→ **WHAT TO PRODUCE**
Your task is to reproduce, exactly and only, the lines running from the line containing "this 1600×900 image." to the end of the data below, both included.

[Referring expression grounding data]
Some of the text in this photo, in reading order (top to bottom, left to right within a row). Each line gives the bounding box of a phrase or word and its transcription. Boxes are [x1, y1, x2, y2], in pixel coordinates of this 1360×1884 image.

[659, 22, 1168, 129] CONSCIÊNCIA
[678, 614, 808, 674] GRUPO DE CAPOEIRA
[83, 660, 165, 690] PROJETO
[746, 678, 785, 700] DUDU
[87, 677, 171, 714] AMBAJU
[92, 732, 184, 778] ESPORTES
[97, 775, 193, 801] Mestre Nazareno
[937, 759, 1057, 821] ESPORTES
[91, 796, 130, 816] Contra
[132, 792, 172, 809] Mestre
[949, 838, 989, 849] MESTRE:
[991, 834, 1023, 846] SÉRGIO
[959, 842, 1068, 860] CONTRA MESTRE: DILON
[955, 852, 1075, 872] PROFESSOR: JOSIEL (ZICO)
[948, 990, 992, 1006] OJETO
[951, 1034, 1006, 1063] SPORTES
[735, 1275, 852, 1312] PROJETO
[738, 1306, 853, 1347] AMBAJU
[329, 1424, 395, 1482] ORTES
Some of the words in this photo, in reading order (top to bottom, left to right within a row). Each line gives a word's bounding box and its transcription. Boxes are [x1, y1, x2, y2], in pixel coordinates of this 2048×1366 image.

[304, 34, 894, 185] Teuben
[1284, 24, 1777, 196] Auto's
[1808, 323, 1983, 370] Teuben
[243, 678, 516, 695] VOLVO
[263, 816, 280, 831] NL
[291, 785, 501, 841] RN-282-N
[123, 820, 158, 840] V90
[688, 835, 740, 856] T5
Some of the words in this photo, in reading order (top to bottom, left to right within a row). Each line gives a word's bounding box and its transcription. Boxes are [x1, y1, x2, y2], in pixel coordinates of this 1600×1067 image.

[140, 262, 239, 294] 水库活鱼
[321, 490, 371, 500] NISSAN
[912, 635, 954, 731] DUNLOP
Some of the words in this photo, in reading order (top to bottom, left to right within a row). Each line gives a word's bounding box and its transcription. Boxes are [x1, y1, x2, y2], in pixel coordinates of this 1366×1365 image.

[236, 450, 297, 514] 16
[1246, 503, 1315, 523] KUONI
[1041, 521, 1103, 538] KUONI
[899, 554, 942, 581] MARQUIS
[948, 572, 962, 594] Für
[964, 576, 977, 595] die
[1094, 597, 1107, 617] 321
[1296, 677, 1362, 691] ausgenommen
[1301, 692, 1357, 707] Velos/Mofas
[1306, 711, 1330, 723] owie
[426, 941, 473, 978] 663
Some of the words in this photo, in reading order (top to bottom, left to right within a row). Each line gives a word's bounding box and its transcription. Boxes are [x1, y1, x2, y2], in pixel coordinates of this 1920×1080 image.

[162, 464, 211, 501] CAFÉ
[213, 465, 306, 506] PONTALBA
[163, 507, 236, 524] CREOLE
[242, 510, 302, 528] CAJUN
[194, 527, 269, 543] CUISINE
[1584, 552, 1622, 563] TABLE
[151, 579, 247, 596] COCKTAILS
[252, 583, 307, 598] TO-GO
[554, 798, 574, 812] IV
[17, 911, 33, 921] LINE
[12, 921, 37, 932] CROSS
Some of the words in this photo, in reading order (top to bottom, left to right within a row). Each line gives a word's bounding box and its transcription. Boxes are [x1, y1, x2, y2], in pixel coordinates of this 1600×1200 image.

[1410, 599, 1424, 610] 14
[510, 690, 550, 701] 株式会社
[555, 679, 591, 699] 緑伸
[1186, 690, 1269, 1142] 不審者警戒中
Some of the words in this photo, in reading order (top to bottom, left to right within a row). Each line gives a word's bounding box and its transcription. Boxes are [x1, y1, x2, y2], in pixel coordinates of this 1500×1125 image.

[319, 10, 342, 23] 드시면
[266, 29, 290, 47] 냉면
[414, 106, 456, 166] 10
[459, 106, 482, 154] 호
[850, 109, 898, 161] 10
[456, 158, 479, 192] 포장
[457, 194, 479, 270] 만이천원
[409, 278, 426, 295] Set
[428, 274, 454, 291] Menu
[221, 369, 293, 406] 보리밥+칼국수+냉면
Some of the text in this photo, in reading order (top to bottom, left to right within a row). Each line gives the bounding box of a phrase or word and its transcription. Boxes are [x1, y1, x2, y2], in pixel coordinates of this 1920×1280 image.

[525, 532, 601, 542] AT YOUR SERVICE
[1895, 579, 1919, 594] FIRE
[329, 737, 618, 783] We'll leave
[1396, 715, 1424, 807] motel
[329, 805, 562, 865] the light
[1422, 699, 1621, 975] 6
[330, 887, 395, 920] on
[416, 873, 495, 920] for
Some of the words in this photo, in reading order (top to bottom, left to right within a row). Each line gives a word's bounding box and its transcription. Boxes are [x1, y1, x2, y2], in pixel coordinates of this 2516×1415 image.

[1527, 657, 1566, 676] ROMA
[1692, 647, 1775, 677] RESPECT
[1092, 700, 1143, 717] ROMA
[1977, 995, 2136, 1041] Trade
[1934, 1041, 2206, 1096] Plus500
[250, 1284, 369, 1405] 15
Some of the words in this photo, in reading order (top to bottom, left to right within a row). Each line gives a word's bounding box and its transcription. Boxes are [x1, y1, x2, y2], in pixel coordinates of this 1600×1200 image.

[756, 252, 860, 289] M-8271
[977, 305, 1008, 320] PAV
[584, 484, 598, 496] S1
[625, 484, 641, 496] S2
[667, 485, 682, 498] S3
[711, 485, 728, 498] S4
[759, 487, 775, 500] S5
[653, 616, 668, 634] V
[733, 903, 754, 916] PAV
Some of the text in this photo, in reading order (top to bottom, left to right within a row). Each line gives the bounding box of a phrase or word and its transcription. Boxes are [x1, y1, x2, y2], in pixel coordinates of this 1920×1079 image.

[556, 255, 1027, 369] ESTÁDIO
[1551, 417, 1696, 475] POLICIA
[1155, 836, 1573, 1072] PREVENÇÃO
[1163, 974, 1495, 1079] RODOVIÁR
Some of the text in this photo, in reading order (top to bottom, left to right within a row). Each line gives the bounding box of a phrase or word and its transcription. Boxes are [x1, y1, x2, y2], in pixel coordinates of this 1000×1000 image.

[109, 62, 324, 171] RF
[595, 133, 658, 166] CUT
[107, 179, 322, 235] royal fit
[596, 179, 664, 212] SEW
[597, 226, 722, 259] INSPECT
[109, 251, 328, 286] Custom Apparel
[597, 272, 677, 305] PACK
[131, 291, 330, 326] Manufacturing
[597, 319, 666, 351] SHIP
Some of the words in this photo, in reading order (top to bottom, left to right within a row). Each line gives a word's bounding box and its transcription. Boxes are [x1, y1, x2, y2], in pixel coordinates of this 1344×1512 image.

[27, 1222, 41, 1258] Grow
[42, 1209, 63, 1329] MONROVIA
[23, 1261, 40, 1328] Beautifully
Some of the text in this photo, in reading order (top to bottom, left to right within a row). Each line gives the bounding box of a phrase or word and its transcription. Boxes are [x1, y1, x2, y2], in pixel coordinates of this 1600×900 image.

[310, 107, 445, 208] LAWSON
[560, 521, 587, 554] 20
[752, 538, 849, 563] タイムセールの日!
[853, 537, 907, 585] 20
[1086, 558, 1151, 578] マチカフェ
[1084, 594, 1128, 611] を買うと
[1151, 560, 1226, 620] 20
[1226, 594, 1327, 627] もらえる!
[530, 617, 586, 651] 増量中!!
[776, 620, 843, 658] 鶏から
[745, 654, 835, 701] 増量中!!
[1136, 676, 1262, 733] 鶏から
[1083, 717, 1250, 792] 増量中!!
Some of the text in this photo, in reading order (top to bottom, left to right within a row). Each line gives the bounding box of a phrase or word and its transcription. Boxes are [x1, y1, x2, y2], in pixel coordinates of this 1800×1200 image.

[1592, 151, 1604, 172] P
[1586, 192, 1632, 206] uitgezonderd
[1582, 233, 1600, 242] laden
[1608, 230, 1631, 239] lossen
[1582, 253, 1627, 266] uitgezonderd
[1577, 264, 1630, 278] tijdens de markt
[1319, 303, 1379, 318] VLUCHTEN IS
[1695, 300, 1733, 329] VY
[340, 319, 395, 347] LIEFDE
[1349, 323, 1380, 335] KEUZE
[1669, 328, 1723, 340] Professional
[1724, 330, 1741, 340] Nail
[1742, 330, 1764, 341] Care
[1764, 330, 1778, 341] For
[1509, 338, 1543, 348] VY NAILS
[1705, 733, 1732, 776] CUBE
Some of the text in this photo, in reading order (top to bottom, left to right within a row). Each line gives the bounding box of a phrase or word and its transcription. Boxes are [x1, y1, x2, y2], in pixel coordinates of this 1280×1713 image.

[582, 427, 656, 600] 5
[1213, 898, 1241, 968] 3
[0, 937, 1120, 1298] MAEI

→ **EXERCISE RESPONSE**
Some of the text in this photo, in reading order (top to bottom, left to right within a row). Each line gives the bounding box of a phrase or word and its transcription. Boxes are [x1, y1, x2, y2], in pixel coordinates of this 1600×900 image.

[310, 107, 445, 208] LAWSON
[560, 521, 587, 554] 20
[752, 538, 849, 563] タイムセールの日!
[853, 537, 907, 585] 20
[1086, 558, 1151, 578] マチカフェ
[1084, 594, 1128, 611] を買うと
[1151, 560, 1226, 620] 20
[1226, 594, 1327, 627] もらえる!
[530, 617, 586, 651] 増量中!!
[776, 620, 843, 658] 鶏から
[745, 654, 835, 701] 増量中!!
[1136, 676, 1262, 733] 鶏から
[1083, 717, 1250, 792] 増量中!!
Some of the text in this photo, in reading order (top to bottom, left to right within a row). Each line gives the bounding box of a phrase or word and its transcription. Boxes are [x1, y1, x2, y2], in pixel coordinates of this 1800×1200 image.

[1592, 151, 1604, 172] P
[1586, 192, 1632, 206] uitgezonderd
[1582, 233, 1600, 242] laden
[1608, 230, 1631, 239] lossen
[1582, 253, 1627, 266] uitgezonderd
[1577, 264, 1630, 278] tijdens de markt
[1319, 303, 1379, 318] VLUCHTEN IS
[1695, 300, 1733, 329] VY
[340, 319, 395, 347] LIEFDE
[1349, 323, 1380, 335] KEUZE
[1669, 328, 1723, 340] Professional
[1724, 330, 1741, 340] Nail
[1742, 330, 1764, 341] Care
[1764, 330, 1778, 341] For
[1509, 338, 1543, 348] VY NAILS
[1705, 733, 1732, 776] CUBE
Some of the text in this photo, in reading order (top to bottom, left to right within a row). Each line gives the bounding box of a phrase or word and its transcription. Boxes are [x1, y1, x2, y2], in pixel coordinates of this 1280×1713 image.

[582, 427, 656, 600] 5
[1213, 898, 1241, 968] 3
[0, 937, 1120, 1298] MAEI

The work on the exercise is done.